**INSTRUCTIONS FOR THE TASK:**
Your response should consist of every entry, unchanged.

**Spatial localization data:**
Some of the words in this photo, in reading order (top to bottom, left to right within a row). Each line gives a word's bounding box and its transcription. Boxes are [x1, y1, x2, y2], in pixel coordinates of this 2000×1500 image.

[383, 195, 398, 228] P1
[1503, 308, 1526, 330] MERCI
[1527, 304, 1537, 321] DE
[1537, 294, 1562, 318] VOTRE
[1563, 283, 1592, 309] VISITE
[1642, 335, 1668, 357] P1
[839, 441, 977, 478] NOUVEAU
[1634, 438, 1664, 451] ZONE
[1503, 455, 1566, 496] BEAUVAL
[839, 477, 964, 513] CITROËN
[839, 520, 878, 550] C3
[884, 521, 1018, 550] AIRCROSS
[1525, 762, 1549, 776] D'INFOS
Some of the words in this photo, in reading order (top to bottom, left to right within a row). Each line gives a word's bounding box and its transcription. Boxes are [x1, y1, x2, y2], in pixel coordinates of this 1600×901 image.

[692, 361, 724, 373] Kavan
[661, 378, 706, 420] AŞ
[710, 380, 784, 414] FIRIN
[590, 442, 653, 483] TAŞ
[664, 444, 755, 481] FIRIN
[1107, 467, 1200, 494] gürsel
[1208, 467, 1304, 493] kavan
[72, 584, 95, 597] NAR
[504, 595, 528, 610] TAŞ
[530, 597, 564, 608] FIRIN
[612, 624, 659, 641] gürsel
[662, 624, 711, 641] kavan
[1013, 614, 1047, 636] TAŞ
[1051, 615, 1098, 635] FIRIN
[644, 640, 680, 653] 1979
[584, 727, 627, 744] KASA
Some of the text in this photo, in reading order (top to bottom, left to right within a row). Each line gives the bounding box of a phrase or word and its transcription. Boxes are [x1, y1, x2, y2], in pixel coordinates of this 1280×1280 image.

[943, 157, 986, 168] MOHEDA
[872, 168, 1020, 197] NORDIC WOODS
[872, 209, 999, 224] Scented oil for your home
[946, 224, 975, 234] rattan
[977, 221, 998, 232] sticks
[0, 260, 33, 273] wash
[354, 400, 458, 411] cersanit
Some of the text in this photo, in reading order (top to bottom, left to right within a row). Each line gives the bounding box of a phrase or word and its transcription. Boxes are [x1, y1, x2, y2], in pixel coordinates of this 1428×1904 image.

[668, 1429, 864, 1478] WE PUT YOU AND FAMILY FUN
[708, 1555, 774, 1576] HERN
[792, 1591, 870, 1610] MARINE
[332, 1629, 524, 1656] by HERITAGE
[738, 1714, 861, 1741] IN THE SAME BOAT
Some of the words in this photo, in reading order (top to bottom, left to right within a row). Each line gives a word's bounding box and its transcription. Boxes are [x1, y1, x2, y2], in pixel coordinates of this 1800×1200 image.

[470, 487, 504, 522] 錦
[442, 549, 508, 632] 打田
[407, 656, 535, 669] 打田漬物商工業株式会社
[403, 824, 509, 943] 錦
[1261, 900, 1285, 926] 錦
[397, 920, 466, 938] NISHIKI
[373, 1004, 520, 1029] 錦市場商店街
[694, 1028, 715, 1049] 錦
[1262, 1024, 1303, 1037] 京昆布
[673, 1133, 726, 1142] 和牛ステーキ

**SOLUTION FOR THIS TASK:**
Some of the words in this photo, in reading order (top to bottom, left to right within a row). Each line gives a word's bounding box and its transcription. Boxes are [x1, y1, x2, y2], in pixel coordinates of this 2000×1500 image.

[383, 195, 398, 228] P1
[1503, 308, 1526, 330] MERCI
[1527, 304, 1537, 321] DE
[1537, 294, 1562, 318] VOTRE
[1563, 283, 1592, 309] VISITE
[1642, 335, 1668, 357] P1
[839, 441, 977, 478] NOUVEAU
[1634, 438, 1664, 451] ZONE
[1503, 455, 1566, 496] BEAUVAL
[839, 477, 964, 513] CITROËN
[839, 520, 878, 550] C3
[884, 521, 1018, 550] AIRCROSS
[1525, 762, 1549, 776] D'INFOS
Some of the words in this photo, in reading order (top to bottom, left to right within a row). Each line gives a word's bounding box and its transcription. Boxes are [x1, y1, x2, y2], in pixel coordinates of this 1600×901 image.

[692, 361, 724, 373] Kavan
[661, 378, 706, 420] AŞ
[710, 380, 784, 414] FIRIN
[590, 442, 653, 483] TAŞ
[664, 444, 755, 481] FIRIN
[1107, 467, 1200, 494] gürsel
[1208, 467, 1304, 493] kavan
[72, 584, 95, 597] NAR
[504, 595, 528, 610] TAŞ
[530, 597, 564, 608] FIRIN
[612, 624, 659, 641] gürsel
[662, 624, 711, 641] kavan
[1013, 614, 1047, 636] TAŞ
[1051, 615, 1098, 635] FIRIN
[644, 640, 680, 653] 1979
[584, 727, 627, 744] KASA
Some of the text in this photo, in reading order (top to bottom, left to right within a row). Each line gives the bounding box of a phrase or word and its transcription. Boxes are [x1, y1, x2, y2], in pixel coordinates of this 1280×1280 image.

[943, 157, 986, 168] MOHEDA
[872, 168, 1020, 197] NORDIC WOODS
[872, 209, 999, 224] Scented oil for your home
[946, 224, 975, 234] rattan
[977, 221, 998, 232] sticks
[0, 260, 33, 273] wash
[354, 400, 458, 411] cersanit
Some of the text in this photo, in reading order (top to bottom, left to right within a row). Each line gives the bounding box of a phrase or word and its transcription. Boxes are [x1, y1, x2, y2], in pixel coordinates of this 1428×1904 image.

[668, 1429, 864, 1478] WE PUT YOU AND FAMILY FUN
[708, 1555, 774, 1576] HERN
[792, 1591, 870, 1610] MARINE
[332, 1629, 524, 1656] by HERITAGE
[738, 1714, 861, 1741] IN THE SAME BOAT
Some of the words in this photo, in reading order (top to bottom, left to right within a row). Each line gives a word's bounding box and its transcription. Boxes are [x1, y1, x2, y2], in pixel coordinates of this 1800×1200 image.

[470, 487, 504, 522] 錦
[442, 549, 508, 632] 打田
[407, 656, 535, 669] 打田漬物商工業株式会社
[403, 824, 509, 943] 錦
[1261, 900, 1285, 926] 錦
[397, 920, 466, 938] NISHIKI
[373, 1004, 520, 1029] 錦市場商店街
[694, 1028, 715, 1049] 錦
[1262, 1024, 1303, 1037] 京昆布
[673, 1133, 726, 1142] 和牛ステーキ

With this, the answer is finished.